A helpful time management principle is knowing when to pick up the phone instead of drafting a long E-Mail.  New communication methods like IM and SharePoint can also help save time if you know when to use them. You can save hours in a week by implementing the tips that I have outlined below. If you have other good habits or recommendations please share them in the comments below. 

In the context of communicating with customers, a face-to-face meeting is not always possible for customer service organizations. However, these meetings are still useful in the context of a team or business unit. Face-to-face meetings are efficient time savers when you have a conflict you are trying to resolve.

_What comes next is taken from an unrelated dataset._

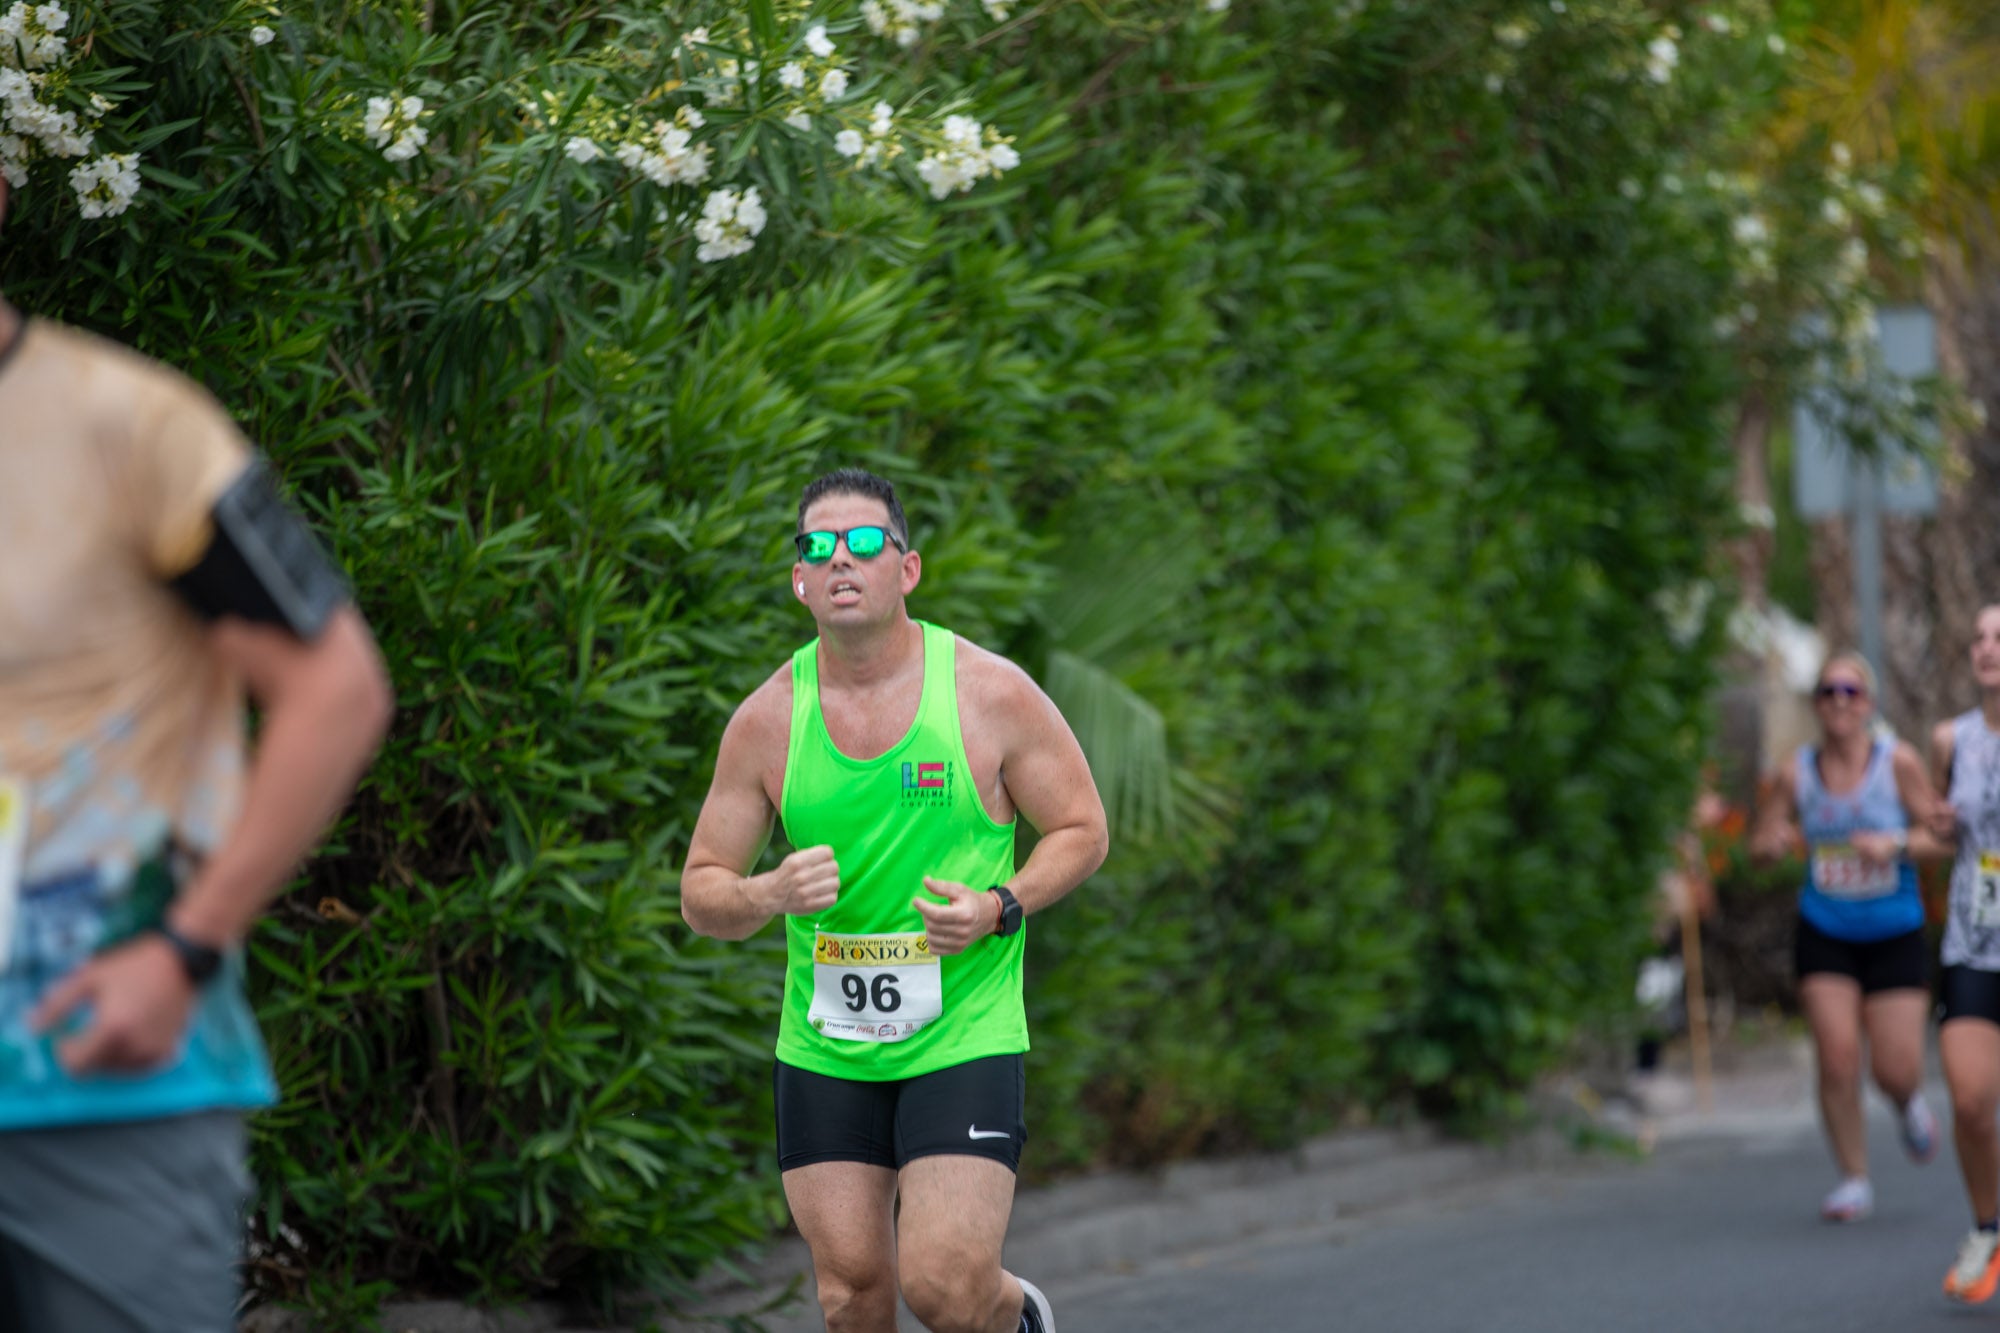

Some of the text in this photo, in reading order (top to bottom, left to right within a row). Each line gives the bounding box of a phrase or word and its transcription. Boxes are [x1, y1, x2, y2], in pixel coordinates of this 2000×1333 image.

Have you ever participated in a back-and-forth e-mail war? Not a very efficient use of time, was it? When you see one of these developing, stop emailing and offer to schedule a call or meeting to resolve the issue. If an in-person meeting is not possible, offer to discuss the matter further over the phone, ex: “if you would like to discuss this further, please call me.”

Recommendations

Mode of Communication

Pros

Cons

Email

Fast. Scales fairly well. Sometimes necessary to document a facts.

Not effective for resolving conflict

Instant Message & Presence

Instant. Great for short snappy dialogues before adding voice.

Pop-ups can be disruptive  (set presence to do-not-disturb when necessary)
Not the best for documenting a response. Limited to internal team communication unless the client has IM federation enabled.

Phone

Tone of voice can clarify meaning

Takes longer to schedule

In-Person

Tone of voice plus Body Language = Fastest way to resolve conflict

Takes longest to schedule

SharePoint

Useful for team collaboration and documenting ideas, tips and tricks.

Not a complete substitute for the other modes of communication.

 

Summary

  • Email is useful for most all communication and non-urgent matters. Useful for communicating or clarifying policies and procedures, or scheduling a call.
    [A wise CEO once told me that he does not communicate a new idea in an email, as that requires everyone to write a detailed response. Have a call or meeting instead.]
  • Instant Messages are useful when a candid back-and-forth email thread develops – IM is always more efficient. However, if you IM for more than a minute or two, offer to add voice as it is quicker than typing!
  • Phone calls are useful for scheduled calls, or critical issues that cannot otherwise wait to be scheduled. Unscheduled Phone calls are not recommended because you will almost always hit voicemail and commence in a phone-tag exercise. 
[If the goal is “how do I maximize my time” then try reducing back-and-forth e-mail dialogue. Pick up the phone. ]
  • In-Person meetings are useful for conflict resolution and brainstorming sessions. I also recommend having this meeting happen as soon as possible (do not let a problem linger!). Be careful to not schedule too many meetings as this can be a time-killer. Only schedule meetings that are truly necessary and make sure that there is a clear agenda communicated in advance so everyone has time to prepare. Make sure someone is responsible for taking meeting minutes, and document action items.  Follow the meeting up by sending everyone the meeting minutes and action items.  TIP: Mentally think about everyone’s salary in the room and visualize how much the meeting is costing the company. Use meetings sparingly and end the meeting early when the meeting goal has been achieved. Postpone or reschedule meetings when key representatives are unable to attend.
  • SharePoint sites are recommended for storing content and collaborating with teams. Email should not be used to document tips, tricks and ideas because they are not easily referenced for future use. Send an email to a SharePoint list or library instead of storing the content in an email.  That way the information can be indexed and surfaced in search results.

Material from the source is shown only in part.